There are people in this industry who’ve had one or two stops. And then there are people who’ve had a dozen — each one building on the last, each one chosen with a gut instinct that ran ahead of the conventional wisdom of the day. Pat Mulhern is firmly in the second camp. Over five decades in food and foodservice, he’s washed dishes, run commissaries, launched restaurants, negotiated national distribution contracts, led billion-dollar operating companies, and served as CEO of one of the industry’s most consequential distribution companies. Today he’s a partner at Foodscape Advisors, the Chicago-based advisory firm that has quietly been building a reputation for exactly the kind of honest, experienced, get-in-and-get-out counsel that the industry rarely gets from large consulting firms.

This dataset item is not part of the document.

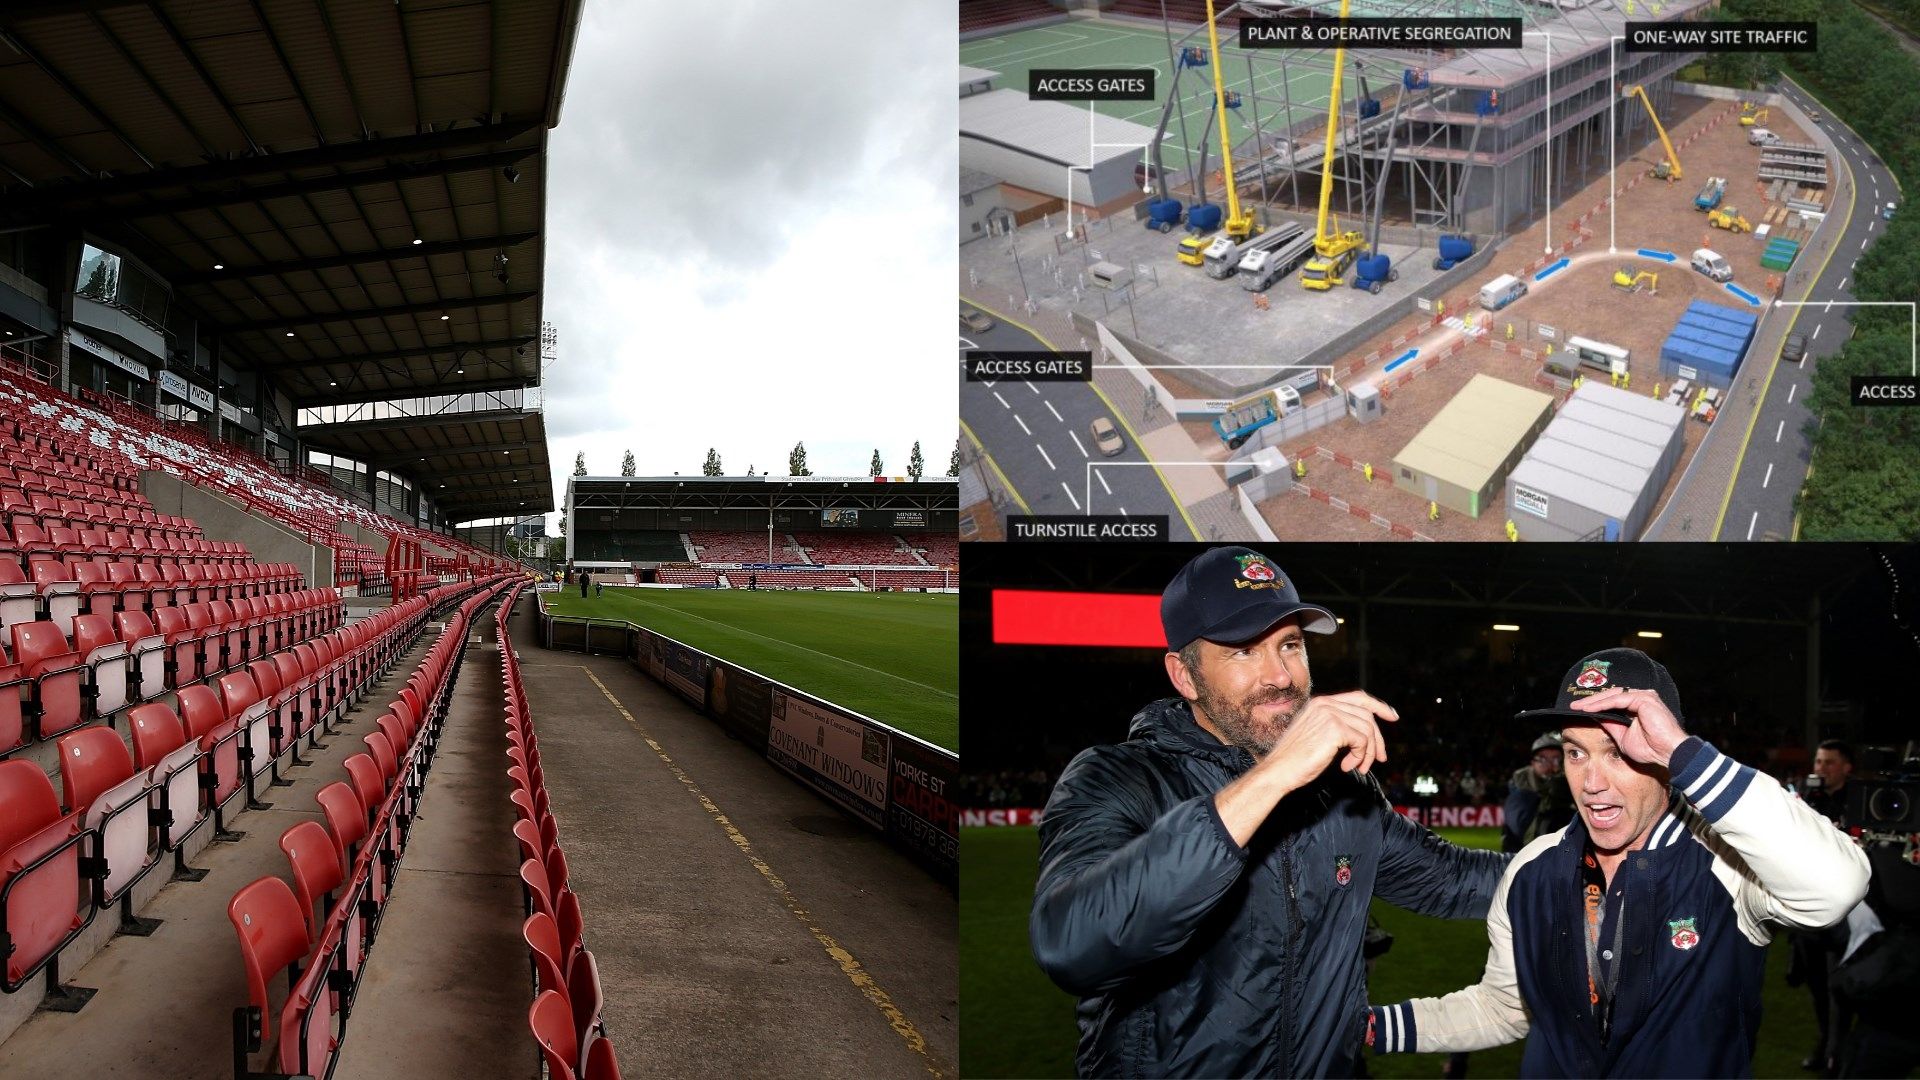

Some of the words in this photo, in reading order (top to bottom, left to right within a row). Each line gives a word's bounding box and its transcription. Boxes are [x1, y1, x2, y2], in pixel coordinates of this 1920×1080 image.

I sat down recently with Pat for a wide-ranging conversation about how he got here, what he’s learned, and what he thinks about the industry’s future. If you know Pat, none of it will surprise you. If you don’t, you are in for a treat.
From the Dish Pit to the Director’s Chair
Pat’s entry into the food business is the kind of story the industry loves because it could belong to almost anyone who stayed in it long enough. He was fifteen years old when he started washing dishes at Bill Knapp’s, a beloved Midwest restaurant chain that at its peak operated 80 locations. It was hard, fast, and completely unglamorous — and he loved it.
“I was dying to cook,” he told me, “but we were a busy restaurant, and we had a lot of good cooks, so I was like second string.” He eventually got his shot in the kitchen, burned a boatload of shrimp, and somehow survived to cook another night. By the time he graduated from Michigan State with a food science degree he’d spent seven years inside those restaurants, working his way through every position and meeting nearly every regional supervisor in the company.
When he graduated, most of his classmates were angling for interviews at Kellogg’s, Nestlé, or General Mills. Pat’s love of fun over studying, didn’t open those doors easily. What opened instead was a nudge or two from Bill Knapp’s CEO Jerry Hill, and an offer to take a newly created buyer’s position at the company’s headquarters in Battle Creek, Michigan. He took it. “I thought, that sounds like fun.” He was right.
He started buying guest checks, cake boxes and corrugated packaging — the stuff a new buyer could not mess up — and within a few years was director of purchasing for the entire chain, also overseeing logistic functions at two distribution commissaries that manufactured products from scratch and delivered to restaurants daily. It was an unusual combination of responsibilities, but it gave him a foundation that almost no one else in his generation had: deep restaurant operations experience fused with purchasing, supply chain, and distribution. He built and was part of a solid team, with members progressing on to senior roles in purchasing at Whataburger, Zaxby’s, Popeye’s, Perrigo, and Gordon Food Service.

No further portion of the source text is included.